Après l’erreur du Français poli qui vous a cloué au lit pendant une semaine de digestion douloureuse la première fois, vous avez compris qu’il ne faut JAMAIS finir son assiette, sinon elle se re-remplit. Autant de fois que vous finissez, la babouchka ressert. Vous avez bien tenté de mettre une serviette en papier sale dedans pour signifier que vous aviez les dents du fond qui baignent, peine perdue, le banquet cauchemardesque (mais savoureux) se reconstitue perpétuellement, vous transpirez beaucoup, votre verre de vodka aussi, vous avez des flashs aveuglants de scènes d’un Guillermo del Toro, et vous vous demandez si un être humain peut physiquement exploser sous la pression de son estomac. Vous êtes tombé dans une faille spatio temporelle, il est désormais 15h, ou peut être 18h30, vous ne savez plus. Les réserves de la cuisine semblent infinies, d’aucun disent que chaque babouchka peut nourrir l’armée française pendant 3 semaines, desserts compris.

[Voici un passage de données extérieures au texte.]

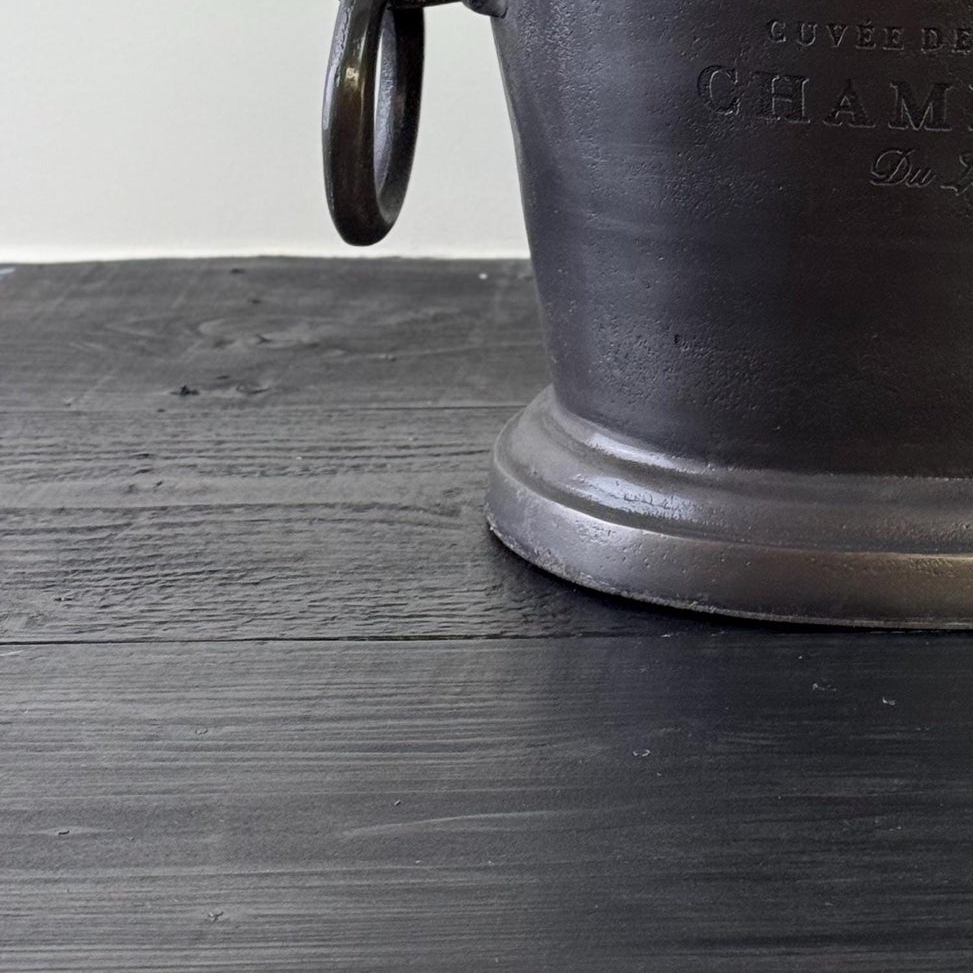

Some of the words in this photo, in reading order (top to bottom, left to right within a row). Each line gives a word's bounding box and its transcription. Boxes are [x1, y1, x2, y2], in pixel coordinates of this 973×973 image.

[769, 19, 905, 50] CUVÉE
[920, 28, 973, 54] DE
[870, 148, 937, 188] Du

Vous êtes fier, vous savez écrire votre nom dans l’alphabet unique et remarquablement plein de consonnes de votre terre d’adoption. Vos amis du cru vous encouragent avec cet enthousiasme mièvre que vous réserviez à ce gentil collègue Cotorep enfin capable de nouer ses lacets en toute autonomie. Eux parlent déjà 5 langues couramment, et savent construire une maison qui résiste aux tremblements de terre avec une pelle et trois palettes. Vous êtes leur expat-pet, ils vous promènent, vous empêchent de crever bêtement, et réparent votre chaudière défaillante avec un trombone. Vous êtes un gentil expat-pet, vous mangez avec enthousiasme (vous avez accepté votre futur bedaine arménienne, peut être que votre pilosité suivra), vous acceptez clopes et expéditions en montagne, en même temps, vous organes tombent en défaillance généralisée mais vous êtes plutôt réjoui (ou bourré, mystère) et n’en avez cure. 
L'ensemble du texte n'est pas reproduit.